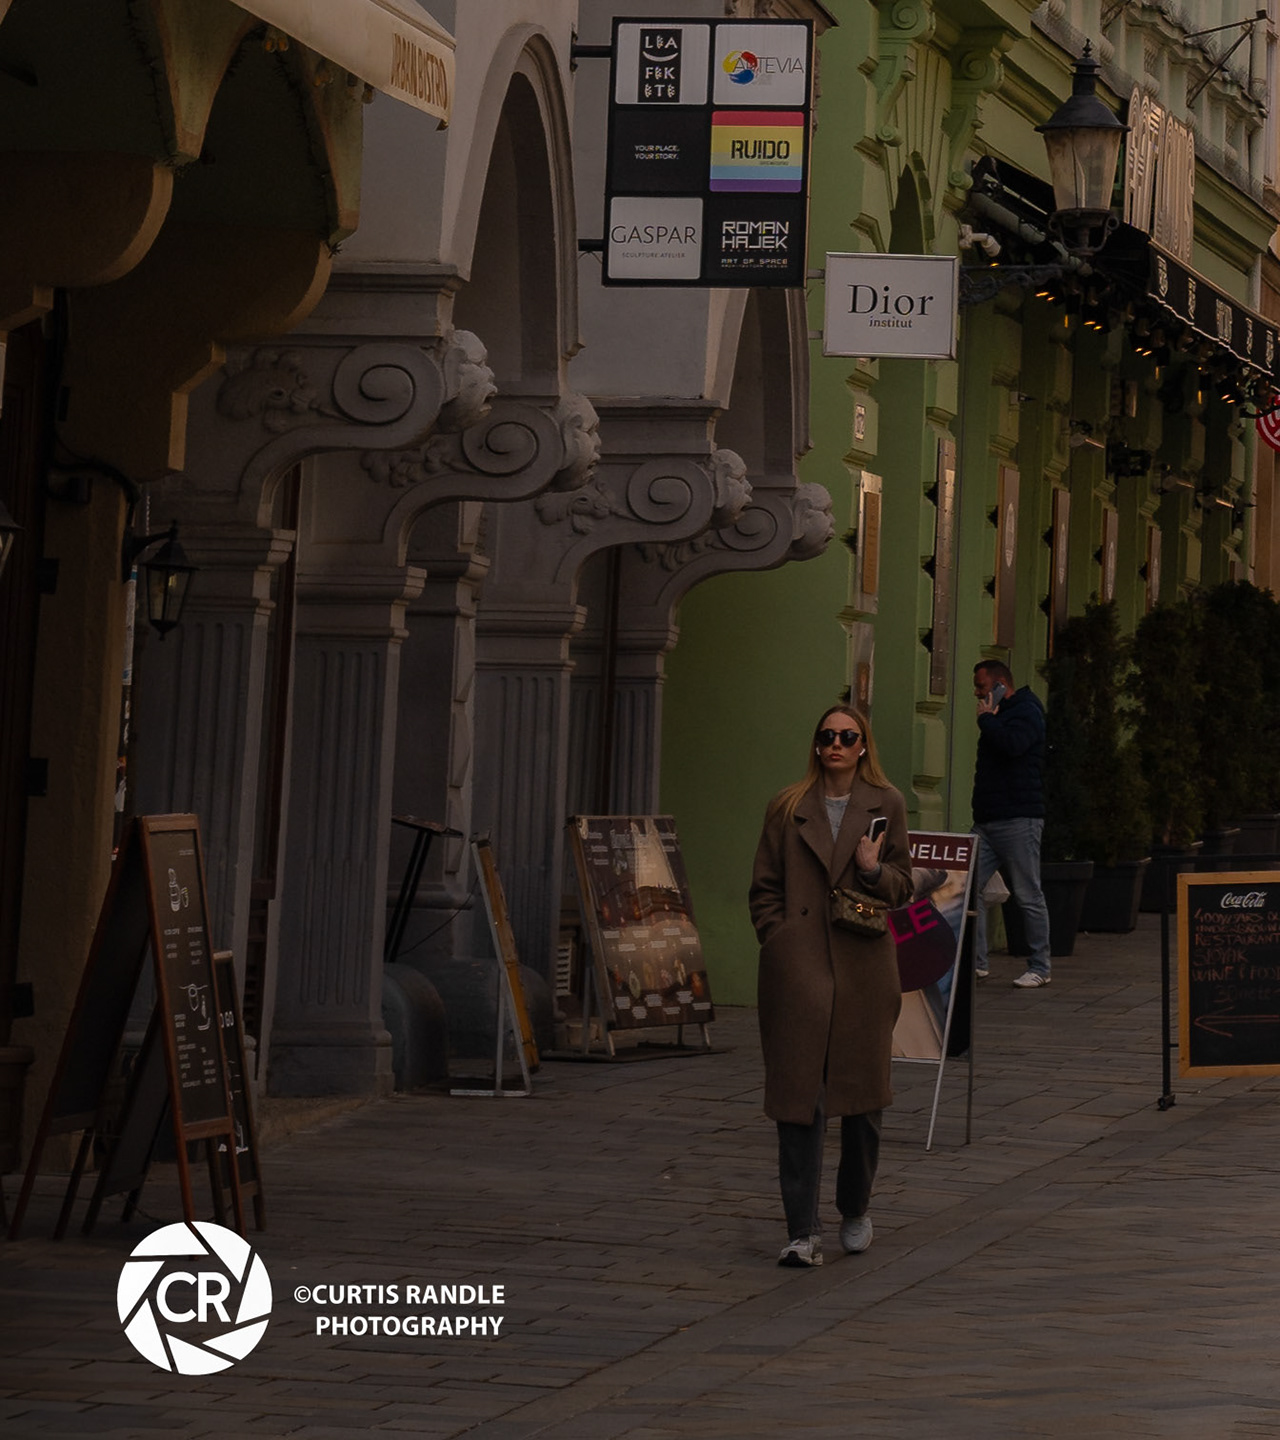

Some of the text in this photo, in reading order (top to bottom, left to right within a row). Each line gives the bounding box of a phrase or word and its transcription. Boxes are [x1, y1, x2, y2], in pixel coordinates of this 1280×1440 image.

[611, 225, 697, 244] GASPAR
[722, 221, 789, 234] ROMAN
[722, 236, 788, 248] HAJEK
[847, 284, 934, 316] Dior
[869, 316, 913, 328] institut
[908, 843, 969, 862] NELLE

> [Your goal]: Give all the entries again exactly, dropping each picture.

> [Result of the exercise]:
Some of the text in this photo, in reading order (top to bottom, left to right within a row). Each line gives the bounding box of a phrase or word and its transcription. Boxes are [x1, y1, x2, y2], in pixel coordinates of this 1280×1440 image.

[611, 225, 697, 244] GASPAR
[722, 221, 789, 234] ROMAN
[722, 236, 788, 248] HAJEK
[847, 284, 934, 316] Dior
[869, 316, 913, 328] institut
[908, 843, 969, 862] NELLE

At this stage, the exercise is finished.